The longnose trevally, Carangoides chrysophrys (also known as the tea-leaf trevally, club-nosed trevally, grunting trevally, and dusky trevally), is a species of inshore marine fish in the jack family, Carangidae. The species is distributed throughout the tropical and subtropical waters of the Indian and west Pacific Oceans from South Africa to New Zealand and Japan, inhabiting coastal waters, especially reefs, to a depth of 90 m. The longnose trevally is distinguished from similar species by a combination of a scaleless breast and the number of gill rakers and fin rays. It is a moderately large fish, growing to a maximum known length of 72 cm and 4.35 kg. The longnose trevally is a predatory fish, consuming small fish, crustaceans and molluscs. The species is of minor commercial importance throughout its range, and is considered to be a good table fish.
The longnose trevally is classified within the genus Carangoides, a group of fish commonly called jacks and trevallies. Carangoides falls into the jack and horse mackerel family Carangidae, itself part the order Perciformes, in the suborder Percoidei.

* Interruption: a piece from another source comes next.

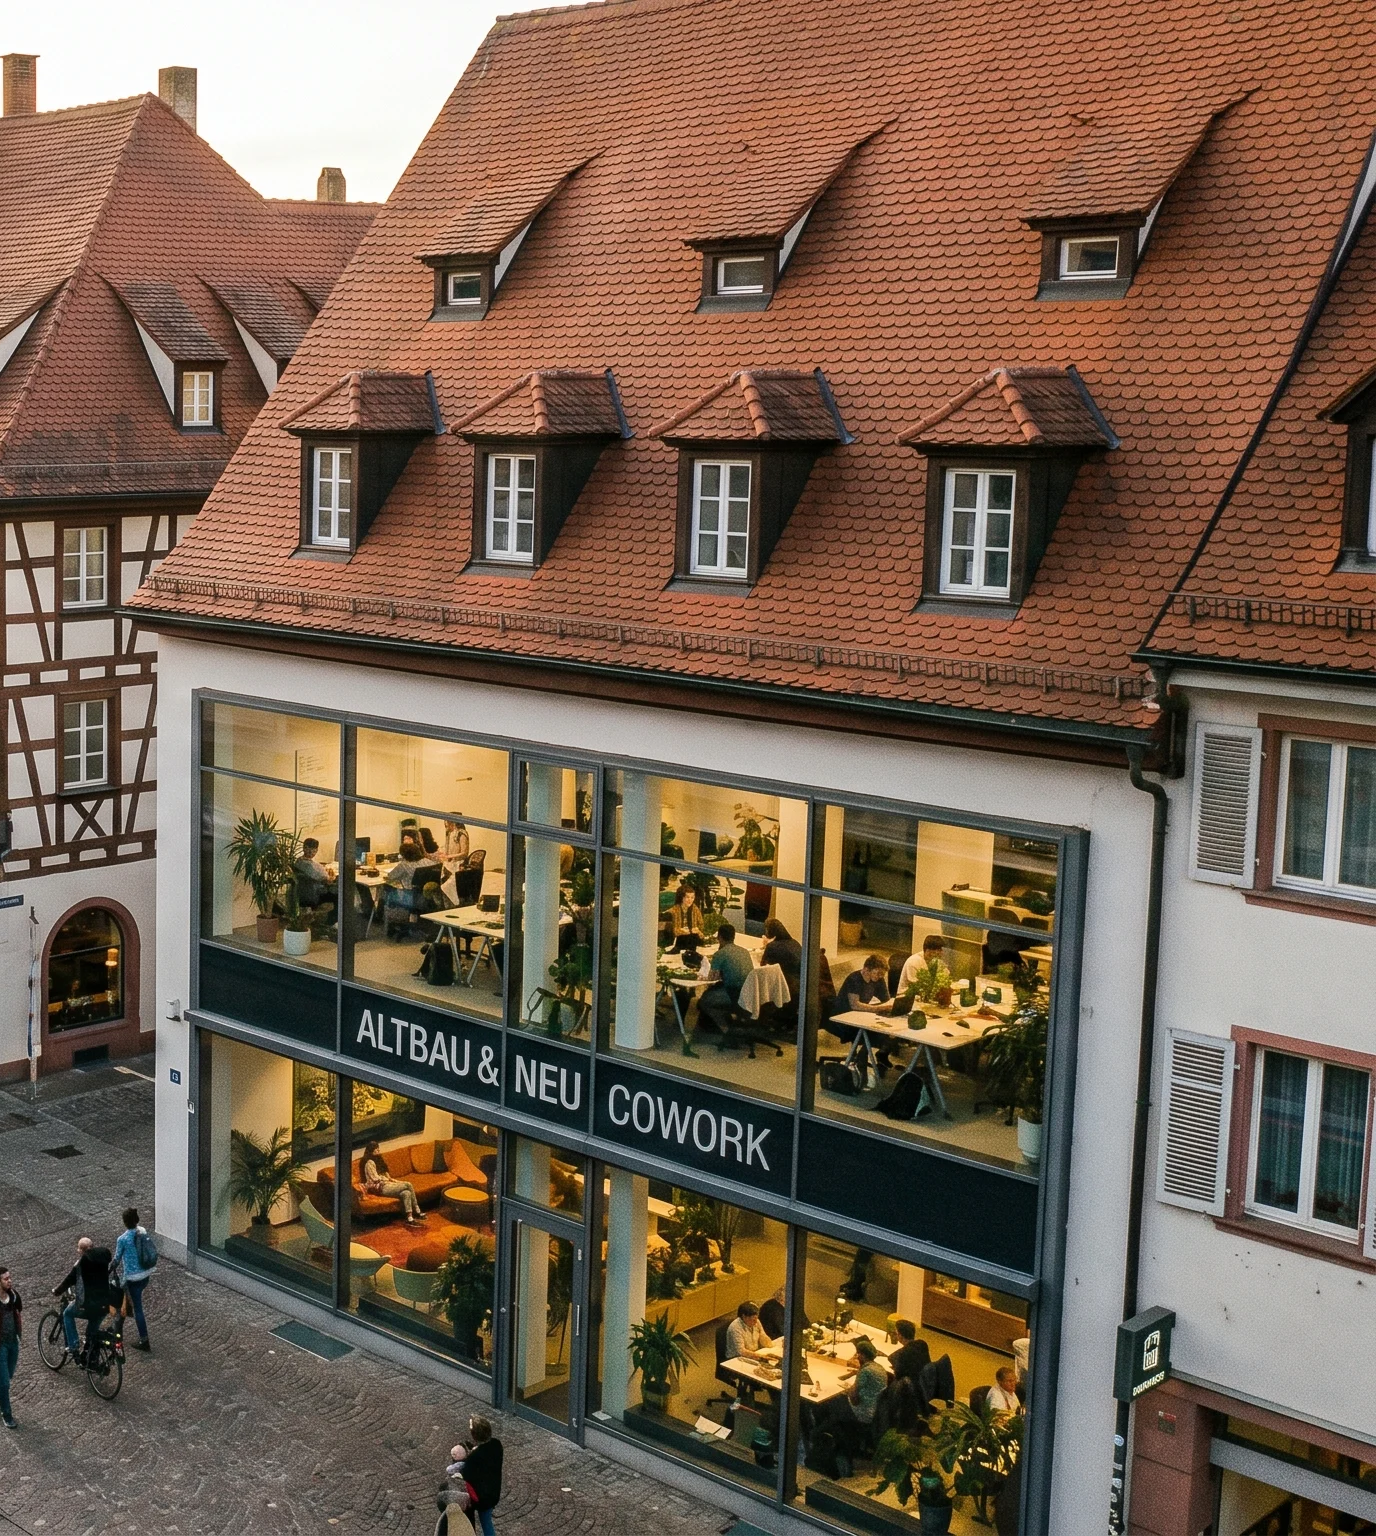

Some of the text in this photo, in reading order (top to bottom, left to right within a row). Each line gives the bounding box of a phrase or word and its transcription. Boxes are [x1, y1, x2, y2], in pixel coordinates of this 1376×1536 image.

[356, 1008, 772, 1172] ALTBAU & NEU COWORK
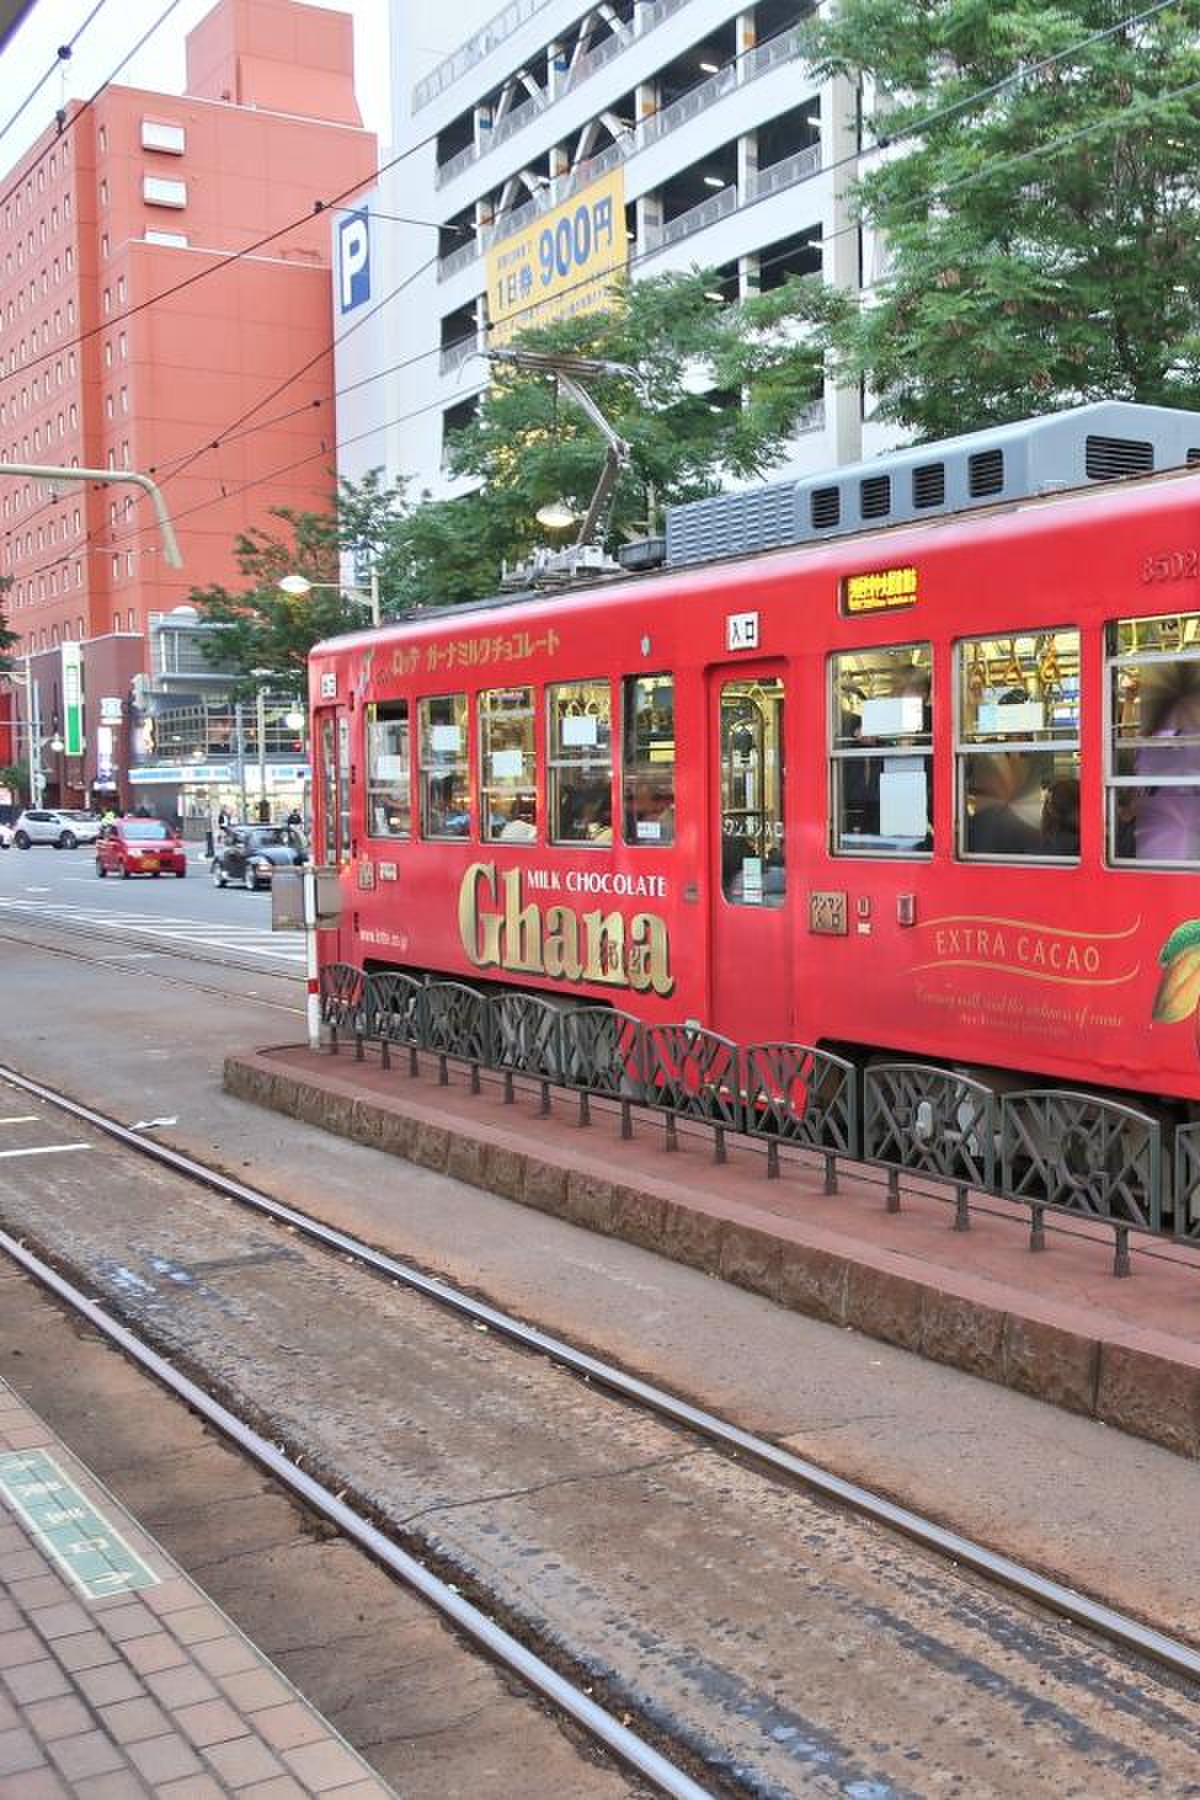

The species was first scientifically described by the French taxonomist Georges Cuvier in 1833, based on the holotype specimen collected from the waters of the Seychelles. He named the new species Caranx chrysophrys, with the specific name meaning 'golden eyebrow' in Greek. The generic position of the species was revised twice, being placed in Citula by William Ogilby and finally into Carangoides by Ian Munro, where it has remained. The species has been independently described on a number of occasions, the first when Pieter Bleeker identified a fish he believed was similar, but not the same as Carangoides chrysophrys, and named it Carangoides chrysophryoides. Other synonyms include Caranx nigrescens, Caranx jayakari and Caranx typus. These are all considered to be junior synonyms under the ICZN rules and are no longer used. The species has a number of common names, with the most often used names, 'longnose trevally' (or 'longnose kingfish') and 'club-nosed trevally' in reference to the snout profile of the fish. The names 'dusky trevally' and 'grunting trevally' are used for the fish in the United States.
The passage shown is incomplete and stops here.